For more information about ScrapeGraph AI:
Overview
Integration details
| Class | Package | Serializable | JS support | Package latest | 
|---|---|---|---|---|
| SmartScraperTool | langchain-scrapegraph | ✅ | ❌ | |
| MarkdownifyTool | langchain-scrapegraph | ✅ | ❌ | |
| LocalScraperTool | langchain-scrapegraph | ✅ | ❌ | |
| GetCreditsTool | langchain-scrapegraph | ✅ | ❌ | 
Tool features
| Tool | Purpose | Input | Output | 
|---|---|---|---|
| SmartScraperTool | Extract structured data from websites | URL + prompt | JSON | 
| MarkdownifyTool | Convert webpages to markdown | URL | Markdown text | 
| LocalScraperTool | Extract data from HTML content | HTML + prompt | JSON | 
| GetCreditsTool | Check API credits | None | Credit info | 
Setup
The integration requires the following packages:
%pip install --quiet -U langchain-scrapegraph
Note: you may need to restart the kernel to use updated packages.
Credentials
You'll need a ScrapeGraph AI API key to use these tools.
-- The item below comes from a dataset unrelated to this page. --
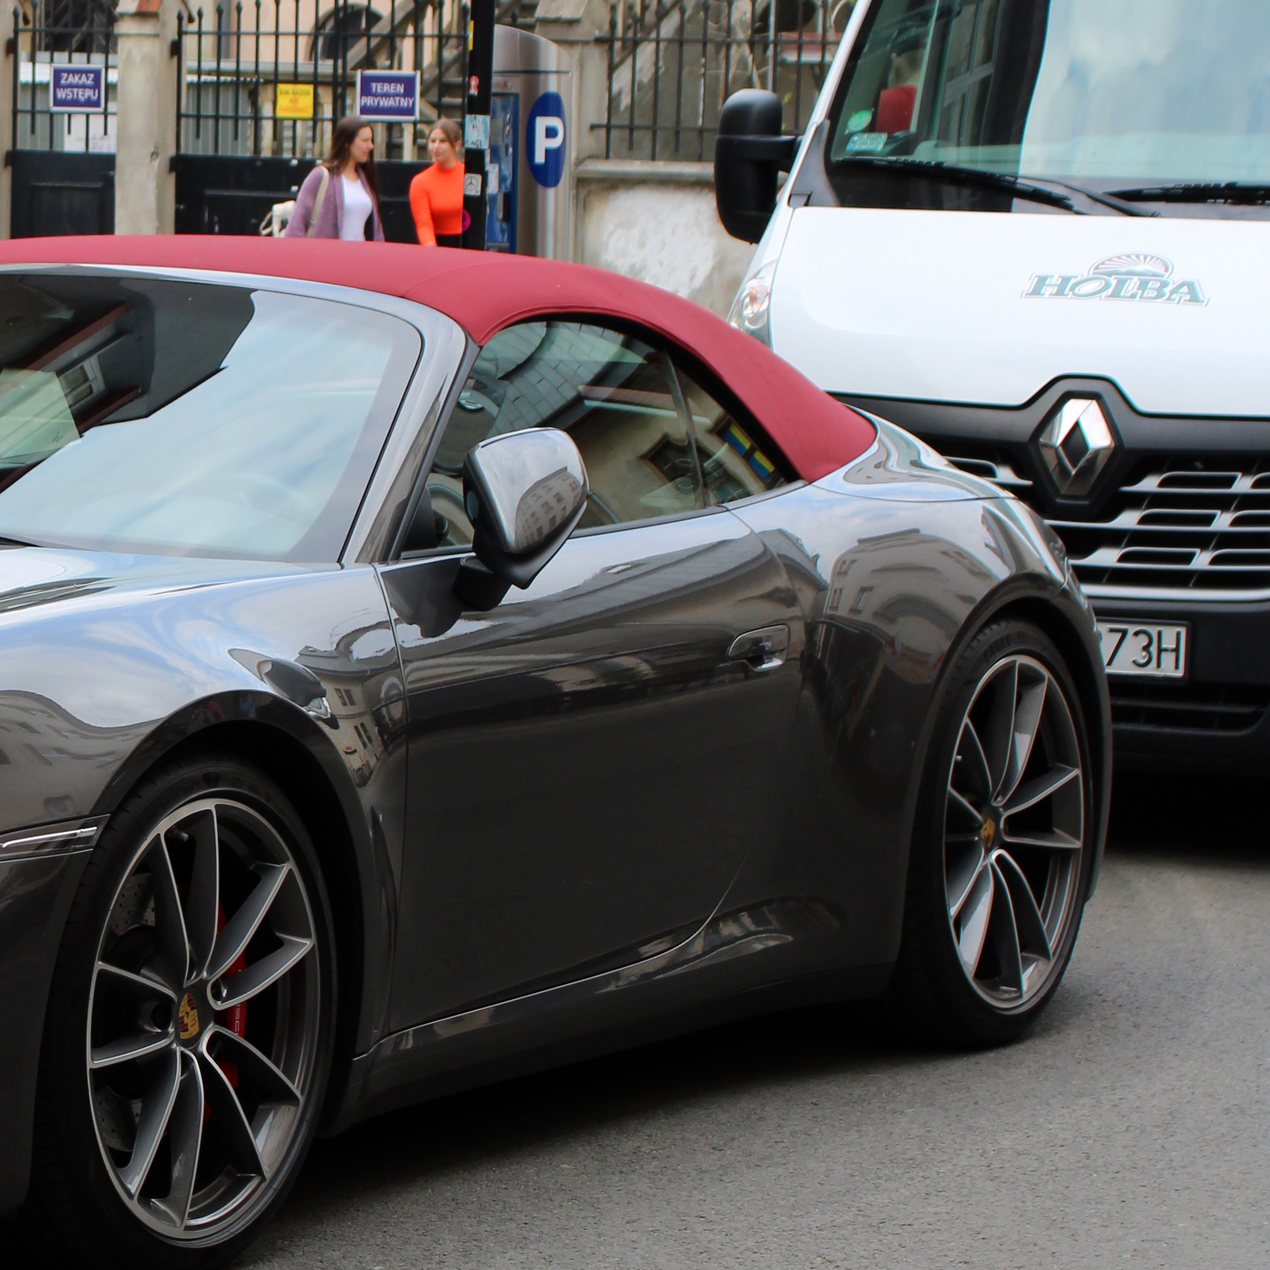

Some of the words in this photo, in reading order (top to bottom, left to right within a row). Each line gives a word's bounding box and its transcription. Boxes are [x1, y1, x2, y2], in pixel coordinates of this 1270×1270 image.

Get one at scrapegraphai.com.
import getpass
import os
if not os.environ.get("SGAI_API_KEY"):
    os.environ["SGAI_API_KEY"] = getpass.getpass("ScrapeGraph AI API key:\n")
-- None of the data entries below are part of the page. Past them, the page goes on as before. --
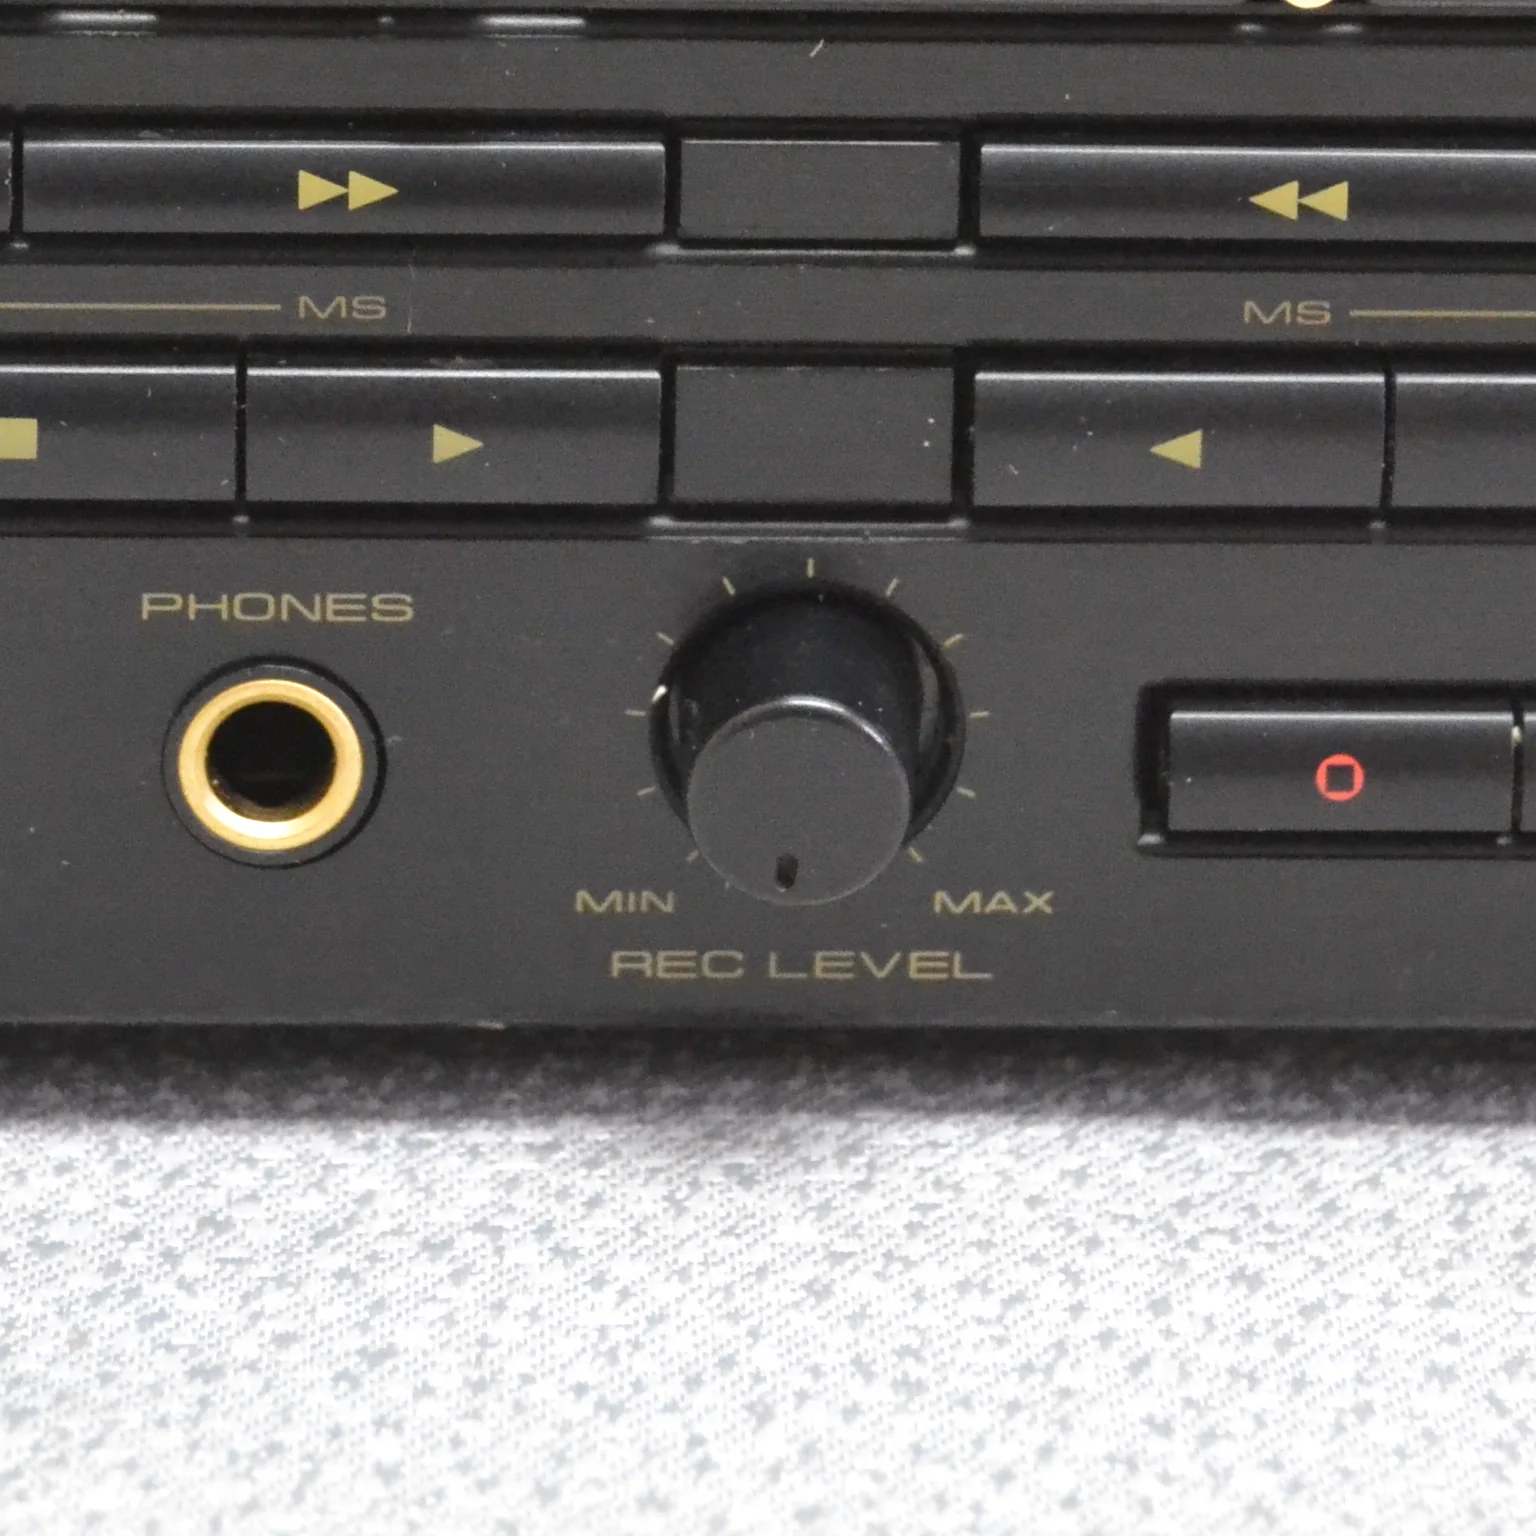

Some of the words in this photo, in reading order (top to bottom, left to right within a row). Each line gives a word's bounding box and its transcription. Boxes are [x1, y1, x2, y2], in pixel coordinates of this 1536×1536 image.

[299, 295, 386, 320] MS
[1244, 301, 1331, 325] MS
[142, 593, 413, 622] PHONES
[575, 890, 674, 912] MIN
[934, 891, 1052, 913] MAX
[612, 951, 743, 978] REC
[769, 951, 992, 979] LEVEL
It's also helpful (but not needed) to set up LangSmith for best-in-class observability:
os.environ["LANGSMITH_TRACING"] = "true"
os.environ["LANGSMITH_API_KEY"] = getpass.getpass()
Instantiation
Here we show how to instantiate instances of the ScrapeGraph tools:
from langchain_scrapegraph.tools import (
    GetCreditsTool,
    LocalScraperTool,
    MarkdownifyTool,
    SmartScraperTool,
)
smartscraper = SmartScraperTool()
markdownify = MarkdownifyTool()
localscraper = LocalScraperTool()
credits = GetCreditsTool()
Invocation
Invoke directly with args
Let's try each tool individually:
# SmartScraper
result = smartscraper.invoke(
    {
        "user_prompt": "Extract the company name and description",
        "website_url": "https://scrapegraphai.com",
    }
)
print("SmartScraper Result:", result)
# Markdownify
markdown = markdownify.invoke({"website_url": "https://scrapegraphai.com"})
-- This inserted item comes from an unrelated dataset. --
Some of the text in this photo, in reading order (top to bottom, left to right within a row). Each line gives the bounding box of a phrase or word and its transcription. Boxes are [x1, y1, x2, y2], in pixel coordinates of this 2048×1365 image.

print("\nMarkdownify Result (first 200 chars):", markdown[:200])
local_html = """
<html>
    <body>
        <h1>Company Name</h1>
        <p>We are a technology company focused on AI solutions.</p>
        <div class="contact">
            <p>Email: contact@example.com</p>
            <p>Phone: (555) 123-4567</p>
        </div>
    </body>
</html>
"""
# LocalScraper
result_local = localscraper.invoke(
    {
        "user_prompt": "Make a summary of the webpage and extract the email and phone number",
        "website_html": local_html,
    }
)
print("LocalScraper Result:", result_local)
# Check credits
credits_info = credits.invoke({})
print("\nCredits Info:", credits_info)
SmartScraper Result: {'company_name': 'ScrapeGraphAI', 'description': "ScrapeGraphAI is a powerful AI web scraping tool that turns entire websites into clean, structured data through a simple API. It's designed to help developers and AI companies extract valuable data from websites efficiently and transform it into formats that are ready for use in LLM applications and data analysis."}
Markdownify Result (first 200 chars): [ScrapeGraphAI](https://scrapegraphai.com/)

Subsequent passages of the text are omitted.